In this article, we present human and mouse genome assemblies customized for rDNA mapping (hg19-rDNA v1.0, hg38-rDNA v1.0, hs1-rDNA v1.0, mm10-rDNA v1.0, and mm39-rDNA v1.0). We generated these assemblies by masking degenerate or repetitive rDNA-matching loci in standard human and mouse genomes and inserting a new chromosome R (chrR) composed of a single rDNA reference sequence of the appropriate species. We have made these genomes accessible by depositing them to GitHub, along with annotation files and control mapping tracks. Here, we present validation for the use of these genomes for rDNA ChIP-seq along with a simple workflow to produce rDNA mapping tracks.

Results

Generation of customized human and mouse genomes with rDNA

Human KY962518.1 (44,838 nt) and mouse Genbank BK000964.3 (45,306 nt) reference rDNA sequences are available from NCBI Genbank (13) and are used in the literature as consensus reference rDNA sequences for their respective species (8, 14, 15, 16). Each reference contains two promoters (spacer promoter and 47S promoter), a 13.4 kb transcribed region and intergenic spacer sequence (IGS) (Fig. 1A). The human hg19 (GRCh37), hg38 (GRCh38), hs1 (T2T-CHM13), and mouse mm10 (GRCm38), mm39 (GRCm39) genome assemblies each contain multiple partial, fragmented, or repetitive rDNA-matching loci. We identified and masked between 418 and 541 such regions in the genomes (Table S1, see Experimental procedures), masking total regions ranging from 252 kb (mm10) to 12 mb (hs1). We then added to these masked genomes a single full-length rDNA sequence of the respective species as an additional chrR to generate customized genomes (Fig. 1B).

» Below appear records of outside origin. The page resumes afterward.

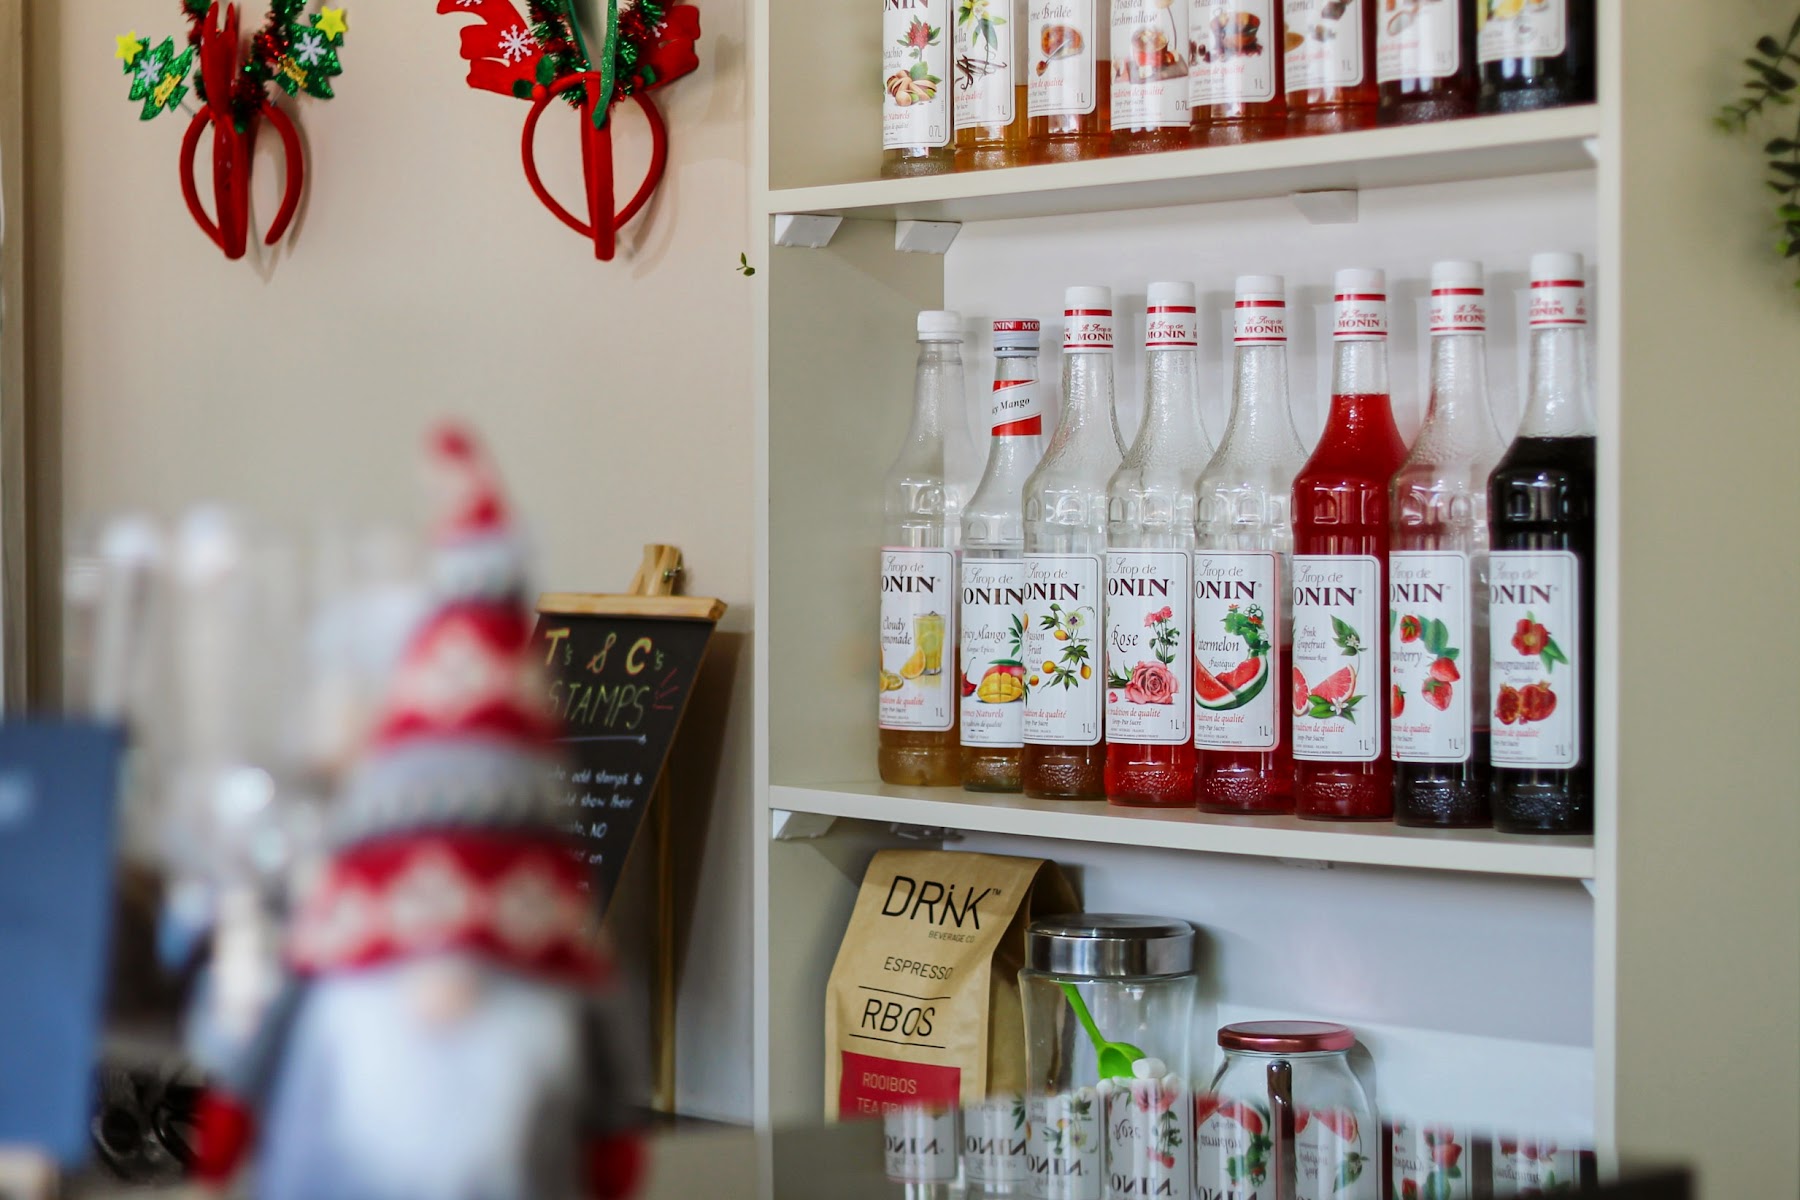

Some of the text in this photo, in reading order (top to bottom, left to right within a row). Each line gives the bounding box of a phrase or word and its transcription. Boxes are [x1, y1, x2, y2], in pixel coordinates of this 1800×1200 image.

[1042, 2, 1071, 19] Brûlée
[1175, 100, 1188, 111] 0.7L
[1245, 325, 1284, 333] MONIN
[1338, 319, 1380, 328] MONIN
[1147, 330, 1186, 339] MONIN
[1000, 397, 1030, 412] Mango
[885, 555, 924, 576] Sirop de
[1028, 562, 1067, 582] Sirop de
[1112, 556, 1157, 578] Sirop de
[1200, 559, 1243, 580] Sirop de
[969, 567, 1013, 587] Sirop de
[1298, 565, 1343, 588] Sirop de
[1024, 582, 1080, 601] ONIN
[1195, 580, 1256, 600] ONIN
[1294, 586, 1357, 606] ONIN
[972, 623, 1007, 644] Mango
[1110, 623, 1139, 654] Rose
[549, 679, 651, 731] STAMPS
[976, 708, 1004, 718] Naturels
[1045, 708, 1067, 721] qualité
[1130, 707, 1137, 717] de
[1138, 707, 1160, 720] qualité
[1221, 712, 1245, 725] qualité
[1321, 722, 1344, 735] qualité
[590, 821, 608, 839] NO
[928, 929, 965, 944] BEVERAGE
[884, 956, 954, 981] ESPRESSO
[861, 998, 936, 1038] RBOS
[863, 1072, 918, 1095] ROOIBOS
[856, 1097, 880, 1115] TEA
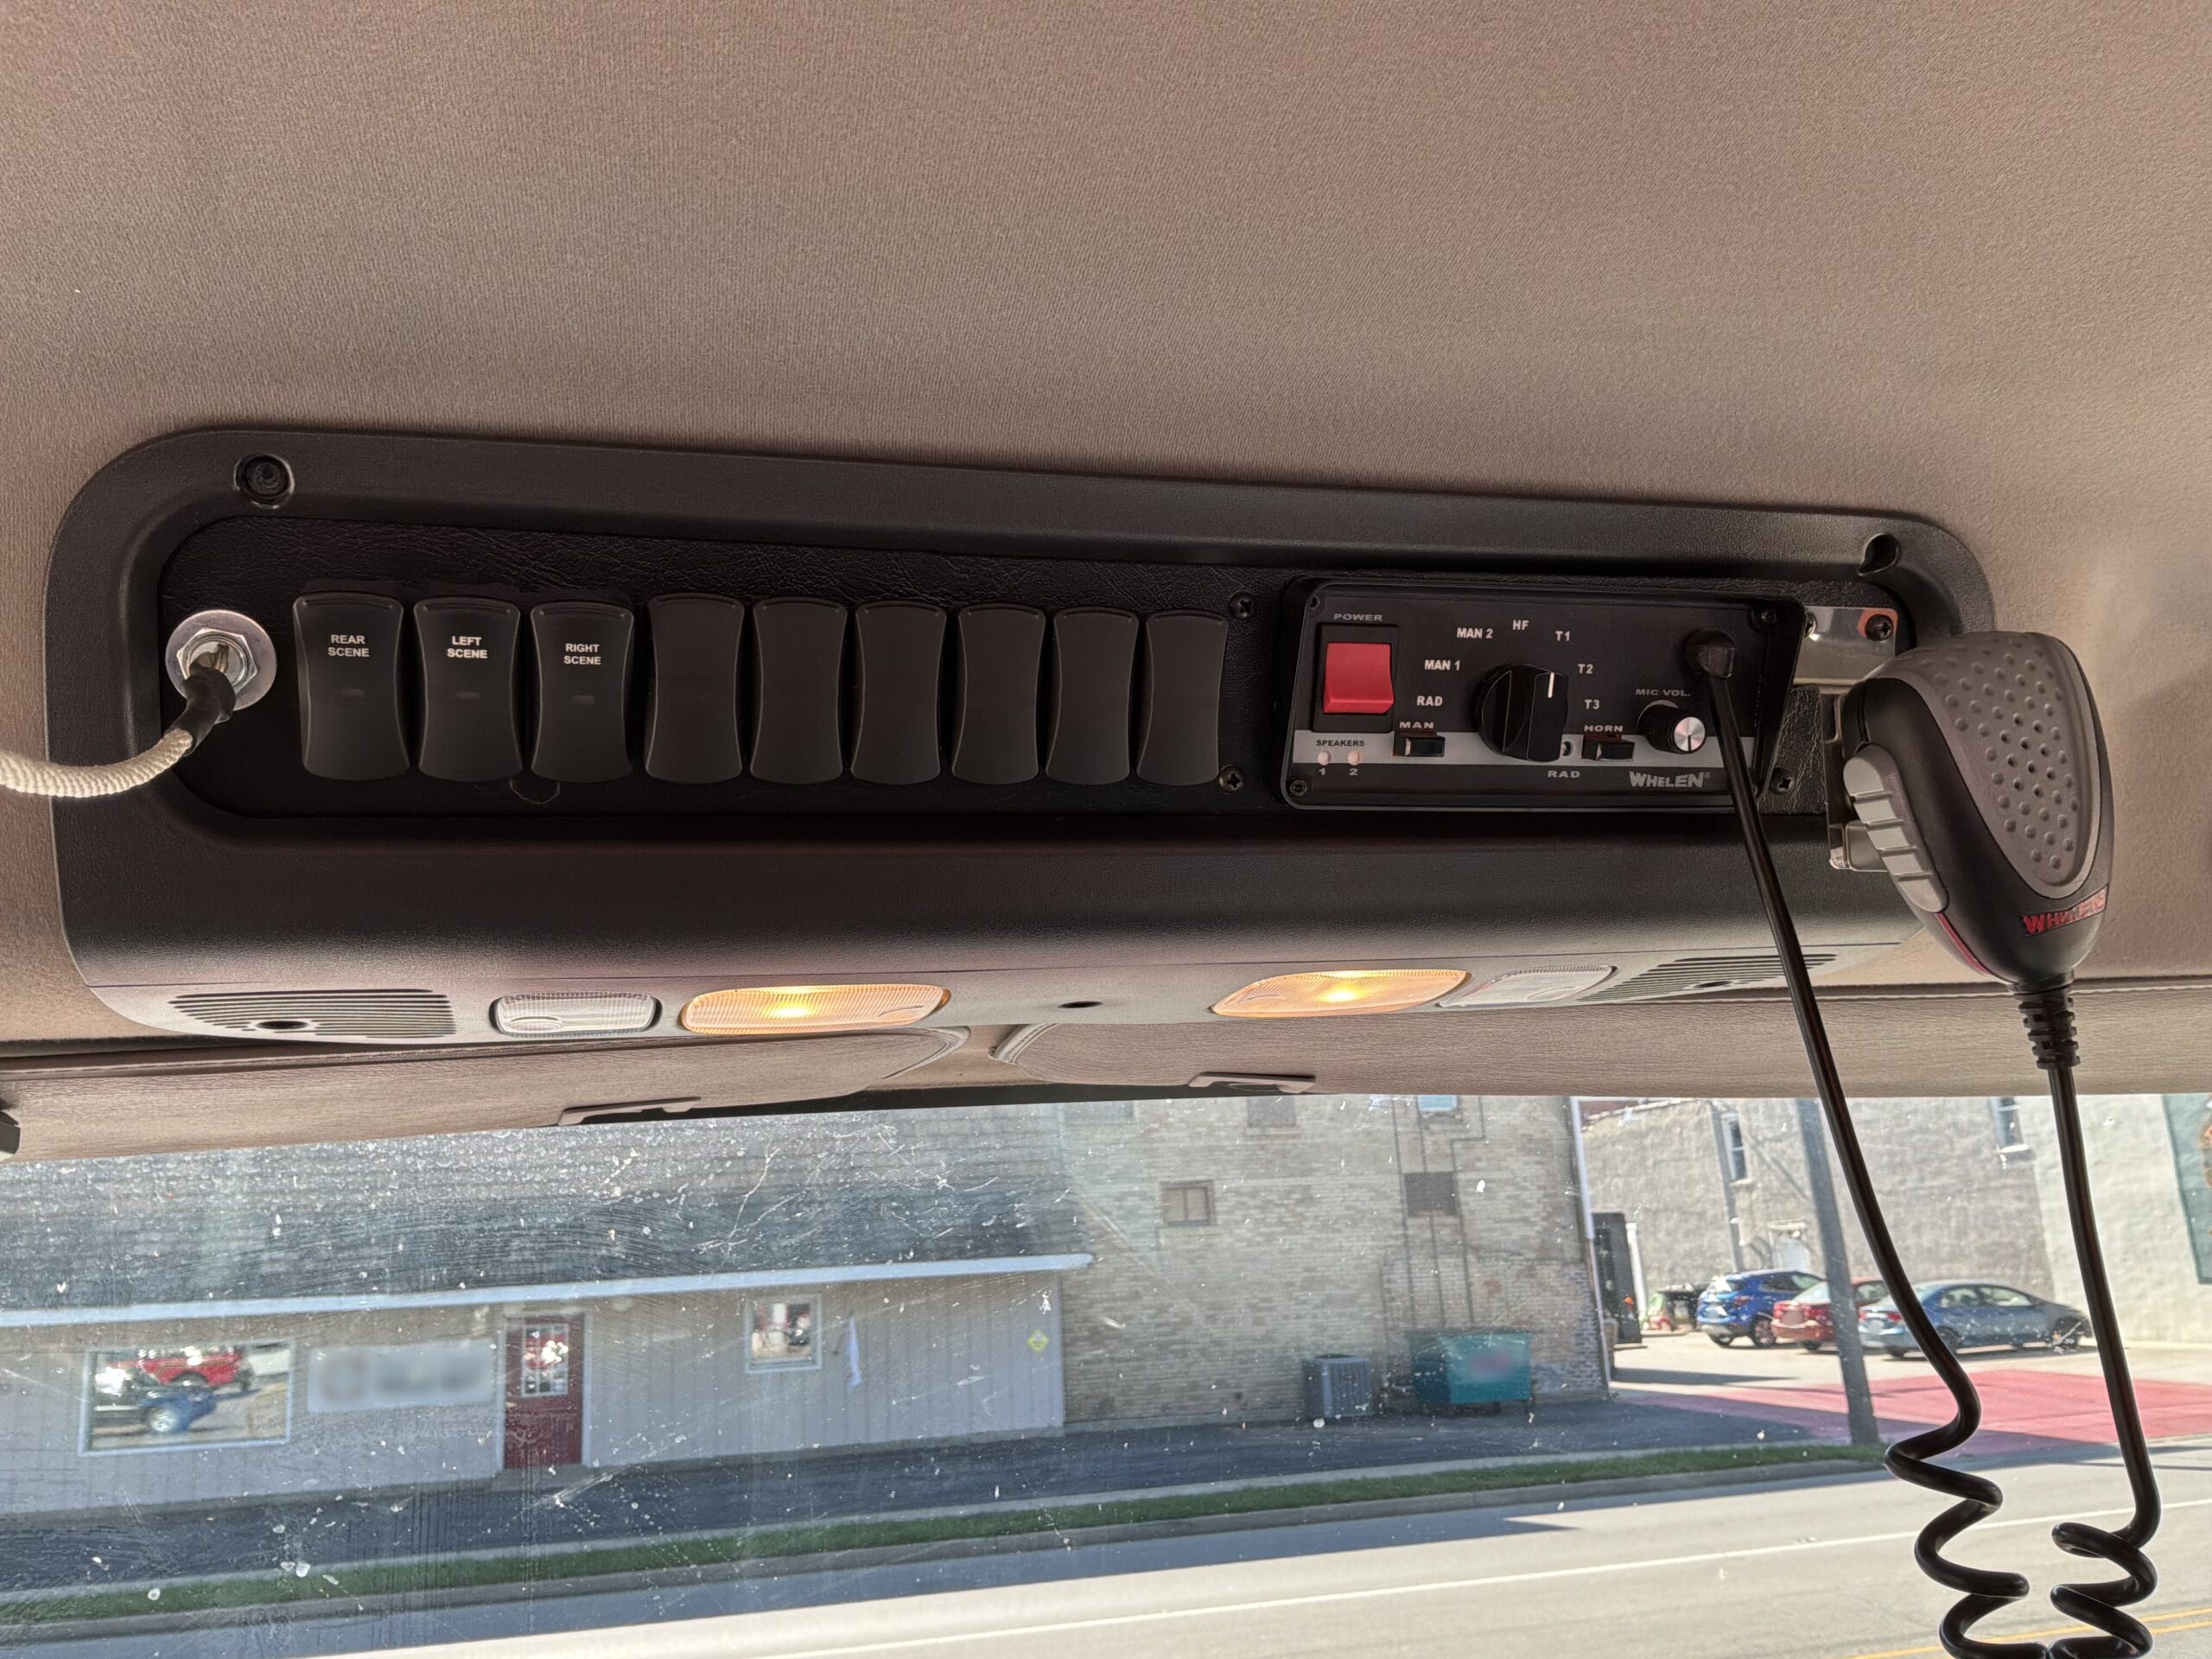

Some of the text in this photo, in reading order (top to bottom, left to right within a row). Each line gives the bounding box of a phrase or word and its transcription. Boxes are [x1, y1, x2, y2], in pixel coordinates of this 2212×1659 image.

[1333, 613, 1383, 621] POWER
[1512, 620, 1529, 631] HF
[1457, 627, 1493, 639] MAN 2
[1555, 631, 1571, 641] T1
[330, 634, 365, 645] REAR
[451, 635, 482, 646] LEFT
[327, 646, 370, 658] SCENE
[447, 648, 488, 659] SCENE
[564, 643, 600, 654] RIGHT
[563, 655, 601, 665] SCENE
[1424, 659, 1460, 671] MAN 1
[1577, 664, 1593, 674] T2
[1416, 696, 1443, 707] RAD
[1584, 699, 1600, 709] T3
[1584, 724, 1624, 733] HORN
[1548, 770, 1580, 779] RAD

Workflow for mapping to customized genomes with rDNA

Aiming to make routine rDNA mapping accessible to users with no more than basic Linux command line experience, we designed a simple workflow optimized for mapping of high-throughput datasets to the customized genomes (Fig. 2). Given the repetitive nature of rDNA and given that all reads deriving from rDNA will map to the new chrR, even datasets with lower read numbers are capable of giving interpretable chrR coverage; however, we recommend using datasets with at least 10 million total reads. We recommend running Trimmomatic (17) with standard parameters. We recommend Bowtie2 (18) for indexing custom rDNA-containing reference genomes and mapping with -X 2000 parameter to permit paired-end sequence mapping with an accommodation for 1 to 2 kb indel variation that has been documented in rDNA repeats (19). We recommend filtering Sequence Alignment Map (SAM) files produced by Bowtie2 with Samtools view (20) -q 1 to allow for some residual multimapping that may occur despite genome masking. After sorting and indexing the resultant Binary Alignment Map (BAM) files with Samtools (20), we recommend using DeepTools BamCoverage (21) with -bs 1 to generate nucleotide-resolution tracks. PCR duplicate removal is not recommended; dense overlapping read coverage is expected on chrR due to the presence of hundreds of rDNA copies per cell, leading to the unavoidable presence of independent reads with the same start and end sites, confounding PCR duplicate removal tools. Given that each individual human or mouse has a different number of rDNA copies in its genome and given that biases arising from library preparation and sequencing protocols can produce some unevenness in background coverage density across the rDNA gene sequence (22), users of our customized genomes should anticipate that different cell lines, tissues, and sample preparation methodologies will yield chrR background signal of varying depth and slight idiosyncratic nonuniformity that could be misinterpreted as peak signal if appropriate controls are not used. To robustly distinguish specific signal from background variation, sequencing artifact, or PCR duplication, the inclusion of at least two biological ChIP-Seq replicates, along with paired input and IgG pull-down samples prepared through the same protocol and with the same number of PCR cycles, is critical. We also mention at the bottom of Figure 2 a method of track normalization, to be used if quantitative signal comparison between datasets is required.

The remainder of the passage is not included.